* _Work to be completed_
Transcribe the records that follow. Keep every word exactly, and drop the pictures.

* _Provided records_
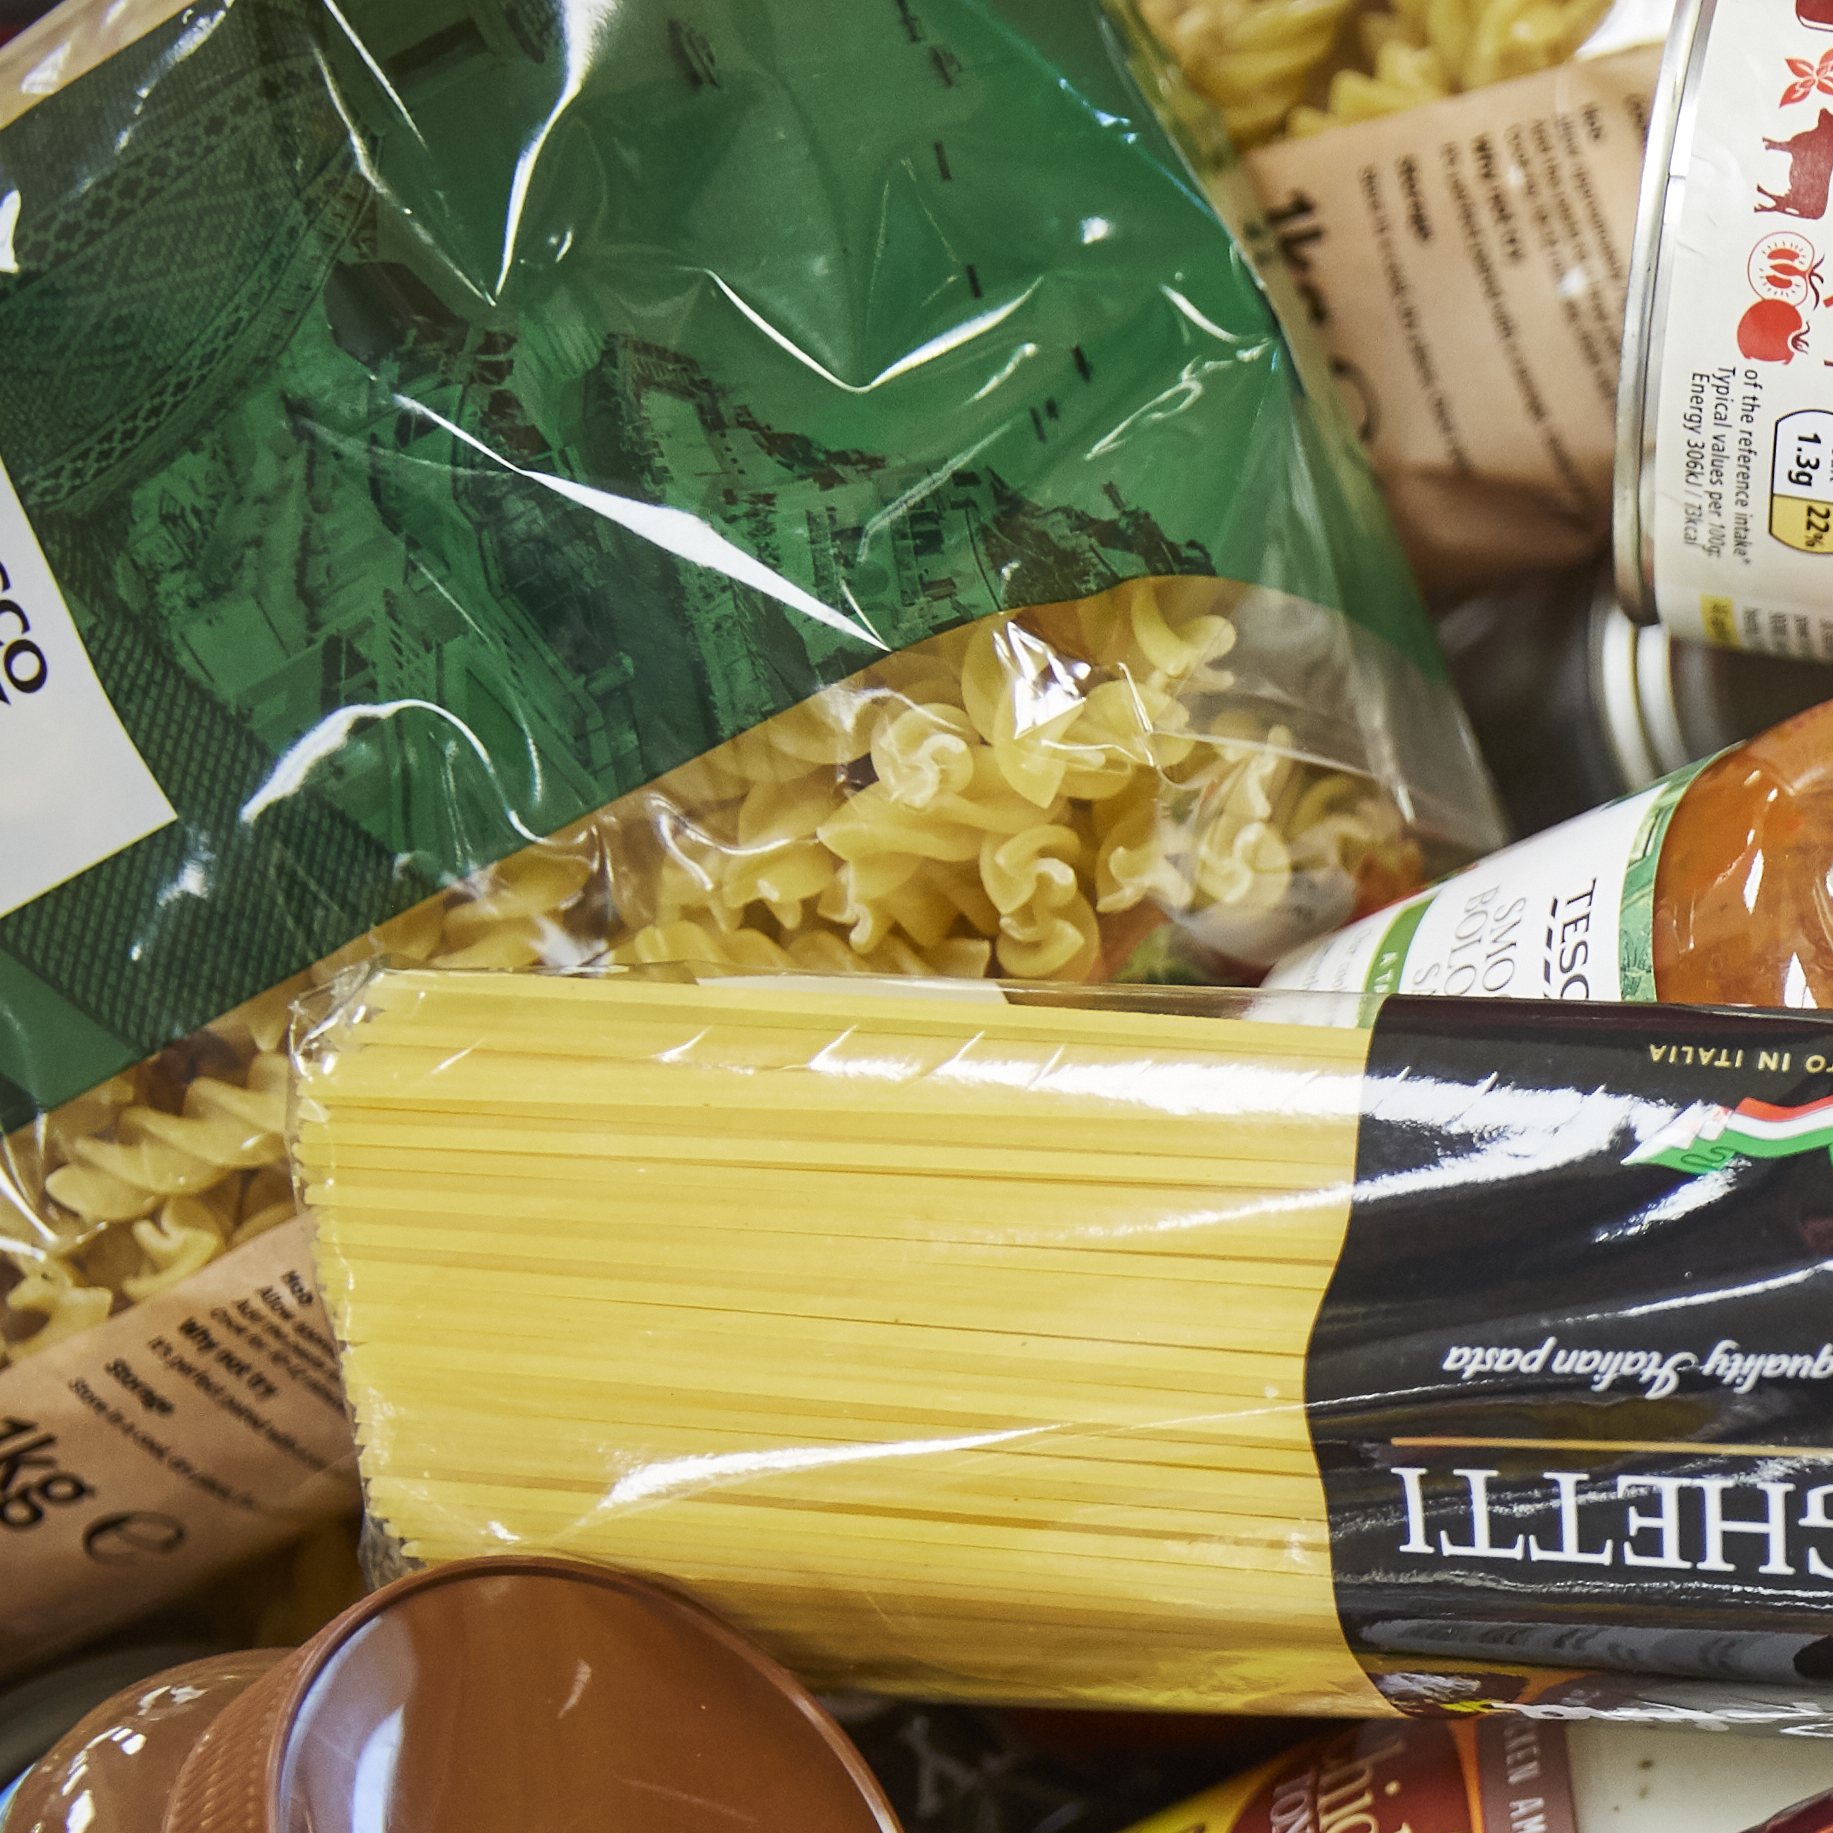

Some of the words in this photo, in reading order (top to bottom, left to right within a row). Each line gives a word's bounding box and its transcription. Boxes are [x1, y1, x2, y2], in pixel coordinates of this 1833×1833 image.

[1683, 373, 1710, 436] Energy
[1713, 366, 1736, 428] Typical
[1744, 369, 1763, 391] of
[1740, 394, 1761, 424] the
[1708, 431, 1729, 486] values
[1736, 430, 1759, 506] reference
[1788, 432, 1821, 487] 1.3g
[1708, 490, 1723, 519] per
[1804, 505, 1831, 549] 22%
[1487, 896, 1526, 1000] SMO
[1555, 877, 1600, 1001] TESC
[1649, 1042, 1741, 1074] ITALIA
[1755, 1047, 1790, 1075] IN
[1440, 1335, 1555, 1376] pasta
[1553, 1335, 1698, 1399] Italian
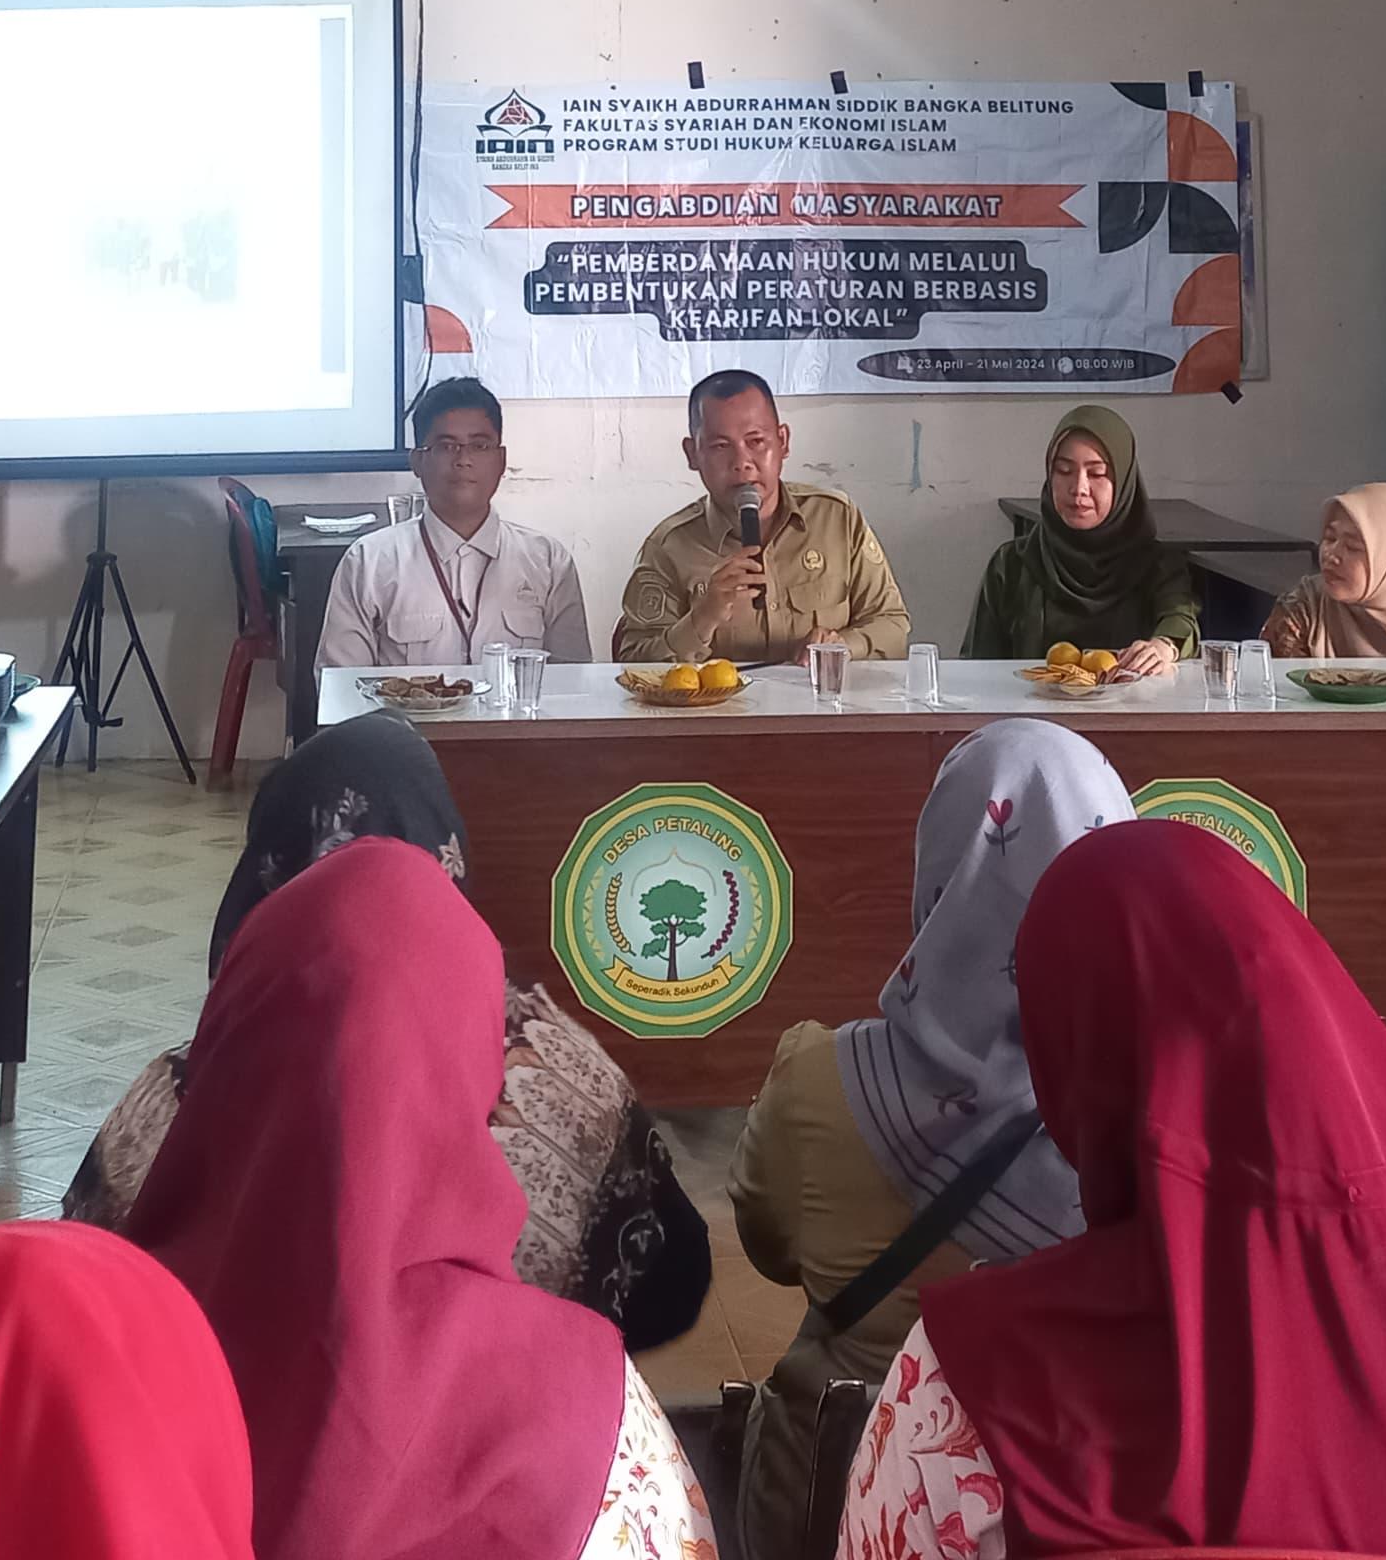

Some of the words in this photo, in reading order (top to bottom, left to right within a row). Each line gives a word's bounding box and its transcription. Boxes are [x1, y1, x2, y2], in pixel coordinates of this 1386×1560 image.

* _Exercise solution_
Some of the words in this photo, in reading order (top to bottom, left to right within a row). Each line gives a word's bounding box and its transcription. Boxes are [x1, y1, x2, y2], in pixel coordinates of this 1833×1833 image.

[1683, 373, 1710, 436] Energy
[1713, 366, 1736, 428] Typical
[1744, 369, 1763, 391] of
[1740, 394, 1761, 424] the
[1708, 431, 1729, 486] values
[1736, 430, 1759, 506] reference
[1788, 432, 1821, 487] 1.3g
[1708, 490, 1723, 519] per
[1804, 505, 1831, 549] 22%
[1487, 896, 1526, 1000] SMO
[1555, 877, 1600, 1001] TESC
[1649, 1042, 1741, 1074] ITALIA
[1755, 1047, 1790, 1075] IN
[1440, 1335, 1555, 1376] pasta
[1553, 1335, 1698, 1399] Italian

Some of the words in this photo, in reading order (top to bottom, left to right within a row). Each line gives a word's bounding box and its transcription. Boxes are [x1, y1, x2, y2], in pixel coordinates of this 1386×1560 image.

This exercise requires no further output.